PREGERSON, Circuit Judge:

Pay’n Save Corporation, engaged in retailing goods to the public, petitions this court to review and set aside an order of the National Labor Relations Board (NLRB); the NLRB eross-applies for enforcement of its order. The contested order was based on the NLRB’s finding that Pay’n Save had violated subsections 8(a)(1) and (3) of the National Labor Relations Act (the Act), 29 U.S.C. § 158(a)(1) and (3), 1 by maintaining and disparately applying an unwritten rule against wearing “controversial” buttons, including union buttons, and by suspending and later discharging two employees for engaging in protected union activities. The alleged violations took place during a union organizing campaign. The NLRB’s order required Pay’n Save to recognize and bargain with the union and to cease and desist from interfering with employees’ exercise of protected rights, to offer reinstatement and backpay to the discharged employees, and to post an appropriate notice.

Pay’n Save contends that its prohibition of controversial buttons was a justified business decision taken to avoid antagonizing customers, that the two employees were legitimately discharged for insubordination, and that the circumstances of this case do not justify the issuance of a bargaining order.

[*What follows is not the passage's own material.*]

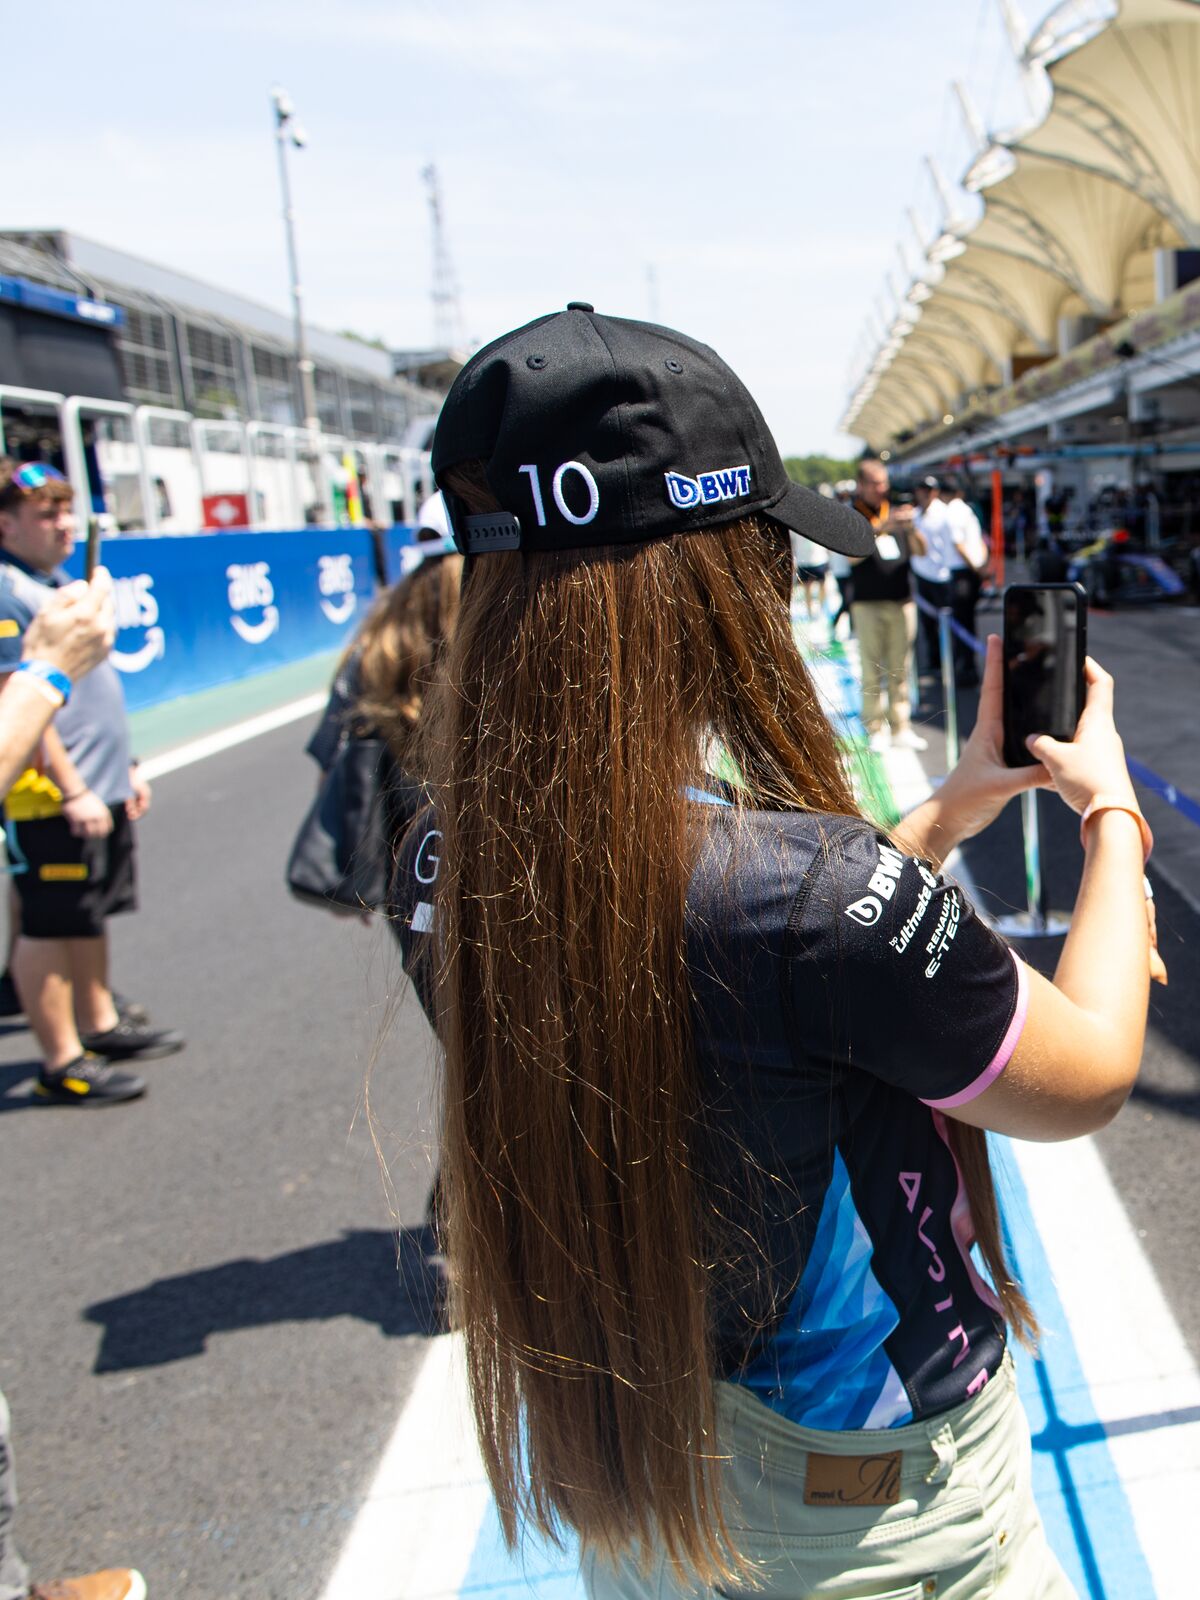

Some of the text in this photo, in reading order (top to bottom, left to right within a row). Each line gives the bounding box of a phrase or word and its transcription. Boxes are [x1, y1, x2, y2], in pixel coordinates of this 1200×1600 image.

[518, 461, 600, 528] 10
[698, 466, 751, 505] BWT
[926, 892, 951, 954] RENAULT

Pay’n Save also challenges two evidentiary rulings made by the administrative law judge (ALJ) in the hearing on the unfair labor practice charges.

Because we find that the NLRBs findings of fact are supported by substantial evidence on the record as a whole, and that the NLRB correctly applied the law, we deny Pay’n Save’s petition and enforce the NLRB's order.

I. FACTS

The instant dispute arose in May 1978, during an organizational campaign by the Retail Clerks Union Local No. 381 (Union) at Pay’n Save’s Port Angeles, Washington, store. Dawn Frederick, a Pay’n Save sales clerk, contacted the Union in early May, obtained union authorization cards, and distributed them to other store employees. Ten of the thirteen employees signed cards.

At a May 15, 1978 meeting with Pay’n Save employees, a Union representative distributed yellow and black lapel buttons, IV* inch in diameter, some saying “Vote Yes Retail Clerks Union AFL-CIO” and others “Vote Retail Clerks Union AFL-CIO.” That day and the next day, Frederick and fellow employee Joyce Berry wore the union buttons on their company-issued jackets while on the store sales floor. 2 On May 17, Assistant Store Manager Gary Jennings directed Frederick and Berry to remove the buttons; they refused, and Jennings suspended them. Later that afternoon, Store Manager Jim Hanrahan telephoned Frederick and Berry and told them they would be discharged by May 19 unless they returned to work without the buttons. Frederick telephoned Hanrahan a few minutes later, asked whether she could wear the button on her own clothing rather than on the store jacket, and was told she could. She and Berry both wore the buttons on their personal clothing when they returned to work.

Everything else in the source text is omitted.